Monday, August 23, 2010

Waterton Lakes

On Saturday, the 21st, we broke camp in Lake Louise, feeling some sadness that we had finished our tent camping for this trip.  We're already talking about some short trips - to Yosemite, or King's Canyon, or the Redwoods for more camping.

We drove through some magnificent country on the border between Alberta's plains and its Rockies to Waterton Lakes National Park. 

This relatively small park is the Canadian part of the Glacier-Waterton Lakes International Peace Park, the first example of a cross-boundary park.  We had been to the adjacent Glacier National Park in Montana five years ago, but didn't make it across the border.  We rectified that by staying for two nights in the Waterton Lakes townsite.

The Canadian National Parks are quite different than the U.S. ones in that all three in which we stayed had developed towns within them.  In the U.S., there are lodges and campgrounds, but they operate under strict rules and are isolated from the commercial ventures outside the park.  I think our approach is better, since it provides for more pristine environmental conditions.

Nevertheless, the Waterton Lakes townsite is a charming little town, if a bit schizophrenic.  It simultaneously reminded me of Atlantic City, a very small upper midwestern town, and a bit of Canada.  The town has maybe 1500 residents now, but by the start of October the number will be about 50.  The real owners of the town are the deer, which can be found everywhere and are shown below occupying the baseball diamond.
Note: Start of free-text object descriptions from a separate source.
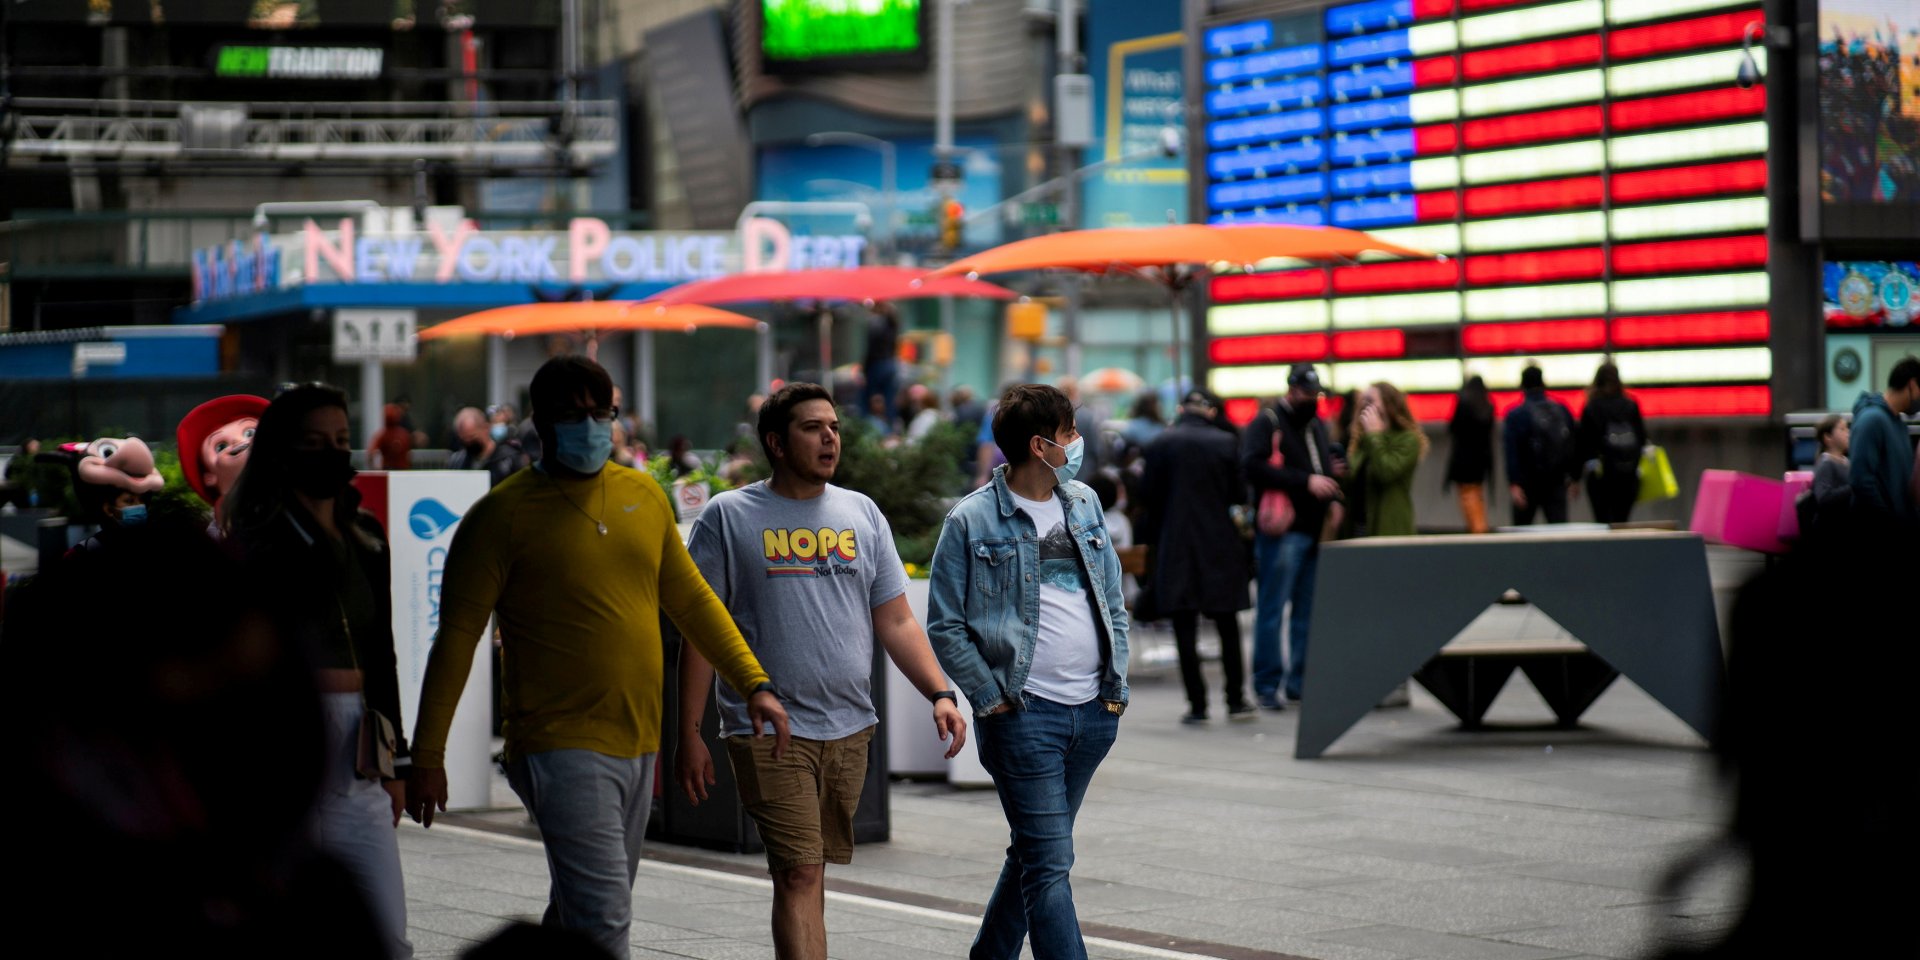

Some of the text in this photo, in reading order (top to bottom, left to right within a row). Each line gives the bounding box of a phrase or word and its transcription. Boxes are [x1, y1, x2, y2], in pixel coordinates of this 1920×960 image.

[304, 218, 422, 284] NEW
[427, 218, 561, 284] YORK
[569, 217, 728, 282] POLICE
[763, 527, 857, 564] NOPE
[814, 564, 858, 578] Not Today
The high point of our stay was a 2.5 hour boat trip from the townsite to Goat Haunt at the upper end of Upper Waterton Lake.  Goat Haunt is actually in Glacier National Park, since the boat crosses the boundary about halfway down the lake.  The boundary is defined by a 20' wide cut that marches from Puget Sound to Lake Superior.
The Boundary Cut into the Trees
Goat Haunt Ranger Station from Visitors Center
The boat, the International, is an 83 year-old, with a wooden hull, built at Goat Haunt so the Northern Pacific Railroad could claim U.S. registration. 
The International
The Northern Pacific brought its tourist passengers to the lodges in Glacier and built the Prince of Wales Hotel and the International as part of its efforts to spur use of its transcontinental line running just south of Glacier.
Prince of Wales Hotel
The Prince of Wales Hotel and the International were built at the same time by the same folk.  What I found pleasing about both was the sensibilities of the designs for the conditions - mainly harsh weather - both mustr endure.  The International has a deep keel so that she is remarkably stable in the high winds that sweep up the lake; the Prince of Wales has shaply peaked roofs to withstand the 200+ inches of snow it receives each winter.  Incidentally, the view down the lake from the hotel's lobby is one of the outstanding treasures of a visit to Waterton Lakes.